■ **What the task asks**: Type out the full set of entries again, unchanged.

[Extracted data entries]
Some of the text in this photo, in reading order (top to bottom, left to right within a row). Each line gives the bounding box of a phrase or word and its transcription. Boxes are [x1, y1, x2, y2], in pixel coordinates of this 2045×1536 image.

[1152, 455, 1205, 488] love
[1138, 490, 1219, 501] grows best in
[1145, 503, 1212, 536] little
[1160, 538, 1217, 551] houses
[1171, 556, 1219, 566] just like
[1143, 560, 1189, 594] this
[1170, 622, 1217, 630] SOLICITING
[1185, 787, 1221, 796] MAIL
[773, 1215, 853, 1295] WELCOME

■ **Task solution**:
Some of the text in this photo, in reading order (top to bottom, left to right within a row). Each line gives the bounding box of a phrase or word and its transcription. Boxes are [x1, y1, x2, y2], in pixel coordinates of this 2045×1536 image.

[1152, 455, 1205, 488] love
[1138, 490, 1219, 501] grows best in
[1145, 503, 1212, 536] little
[1160, 538, 1217, 551] houses
[1171, 556, 1219, 566] just like
[1143, 560, 1189, 594] this
[1170, 622, 1217, 630] SOLICITING
[1185, 787, 1221, 796] MAIL
[773, 1215, 853, 1295] WELCOME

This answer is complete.